Using laser flash irradiation and time-resolved EPR spectroscopy, the chemically induced electron polarization (CIDEP) is investigated, which is generated by interaction of persistent 2,2,6,6-tetramethylpiperidine-1-oxyl (TEMPO) radicals with triplet excited benzophenone in 1,2-epoxypropane solution. Net emission superposed by a weak emission/absorption multiplet type polarization in the TEMPO radical system is observed and analyzed quantitatively at temperatures between 193 and 298 K. With decreasing temperature the relative diffusion coefficient of the particles decreases from 5.9 x 10(-5) to 0.9 x 10(-5) cm2/s, and the absolute values of net and multiplet CIDEP increase from 0.6 to 9.0 and from 0.07 to 0.26, respectively, in units of Boltzmann polarization.
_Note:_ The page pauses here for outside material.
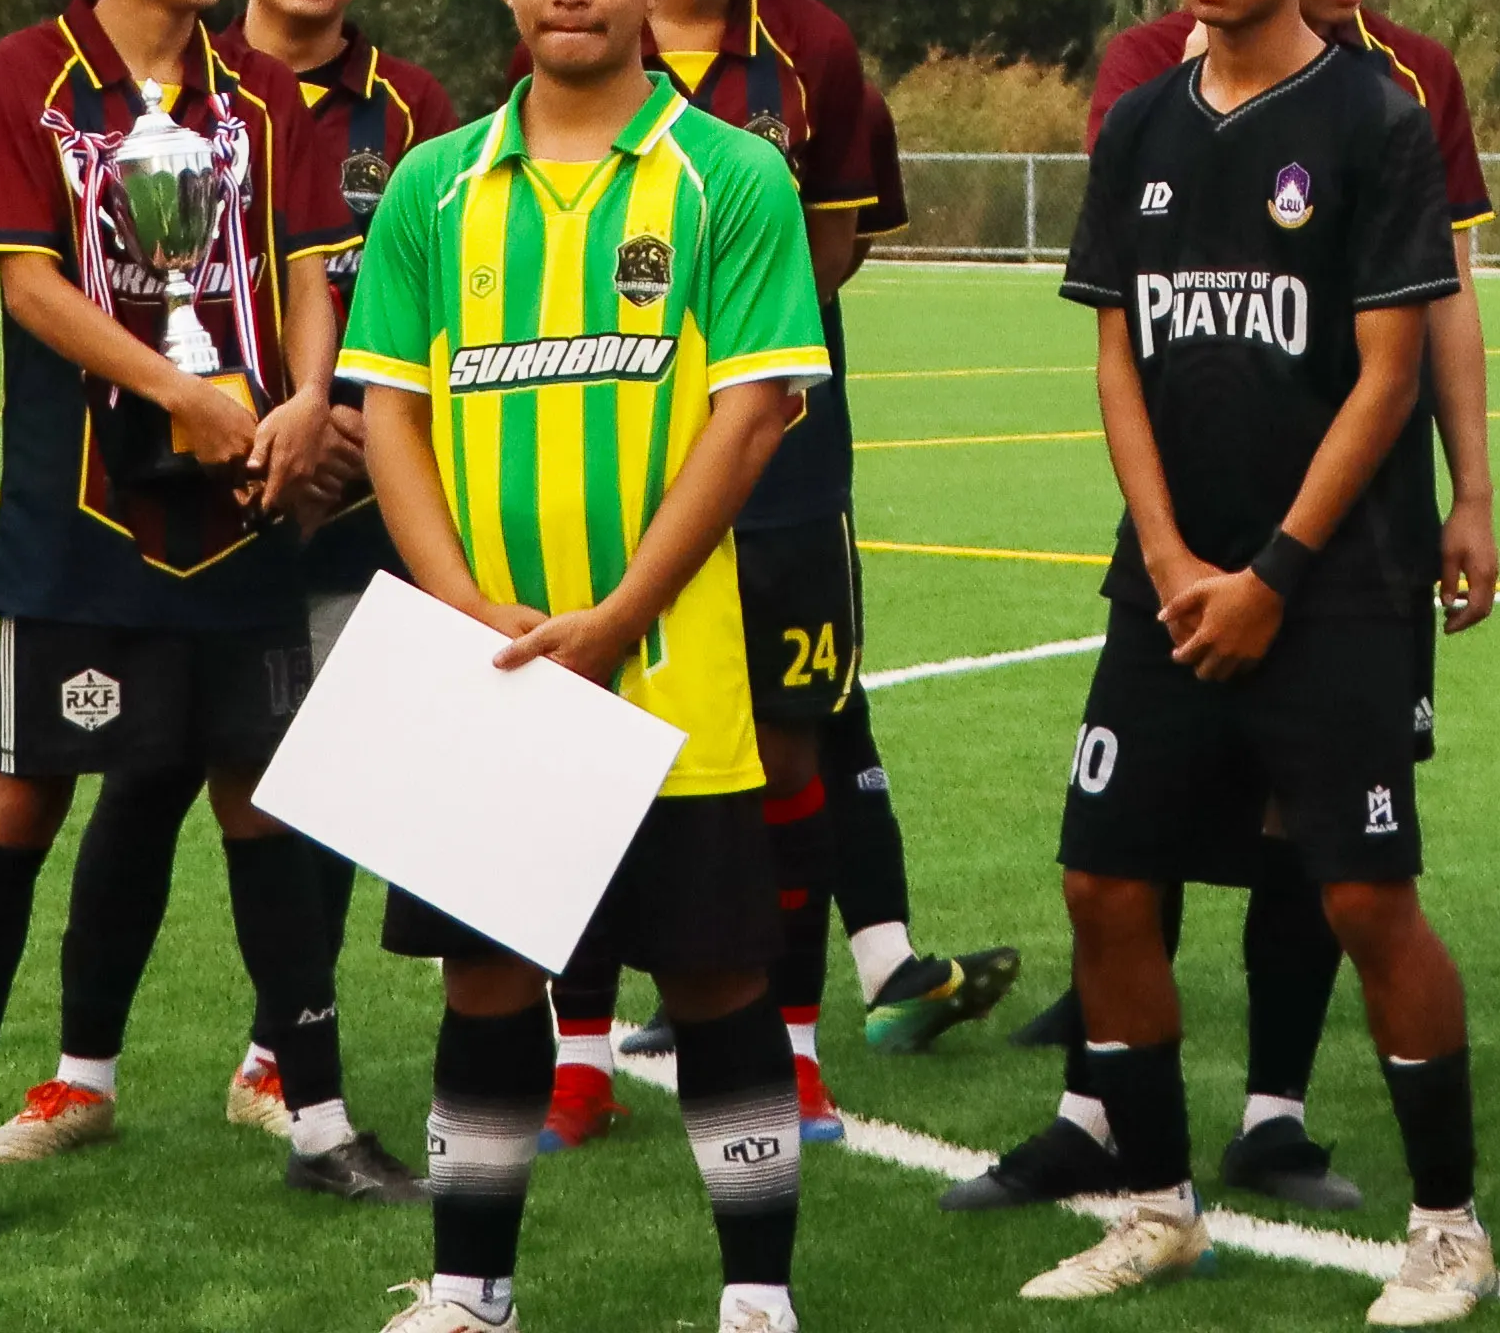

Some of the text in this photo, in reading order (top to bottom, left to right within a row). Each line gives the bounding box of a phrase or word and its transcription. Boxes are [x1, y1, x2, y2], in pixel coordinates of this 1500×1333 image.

The CIDEP is attributed to mixing and splitting of doublet and quartet spin states in radical-triplet pairs. A theoretical model is outlined, which quantitatively describes the size of polarizations as well as their dependence on diffusion. It indicates that the CIDEP is generated predominantly in regions where the exchange interaction is smaller than the Zeeman energy and that the multiplet polarization is diminished effectively by fast T2 relaxation of the triplet spin. For an exchange interaction J = J0 exp(-alpha(r - d)), decaying exponentially with interparticle distance r, \J0\d/alpha = 4.4 x 10(-6) cm2/s is determined from the net polarization, d being the distance of closest approach. The magnitude of the multiplet polarization allows an estimation of J0 almost-equal-to 5 X 10(9) rad/s and alpha almost-equal-to 8 X 10(7) cm-1, i.e., a surprisingly small doublet-quartet splitting at distance d.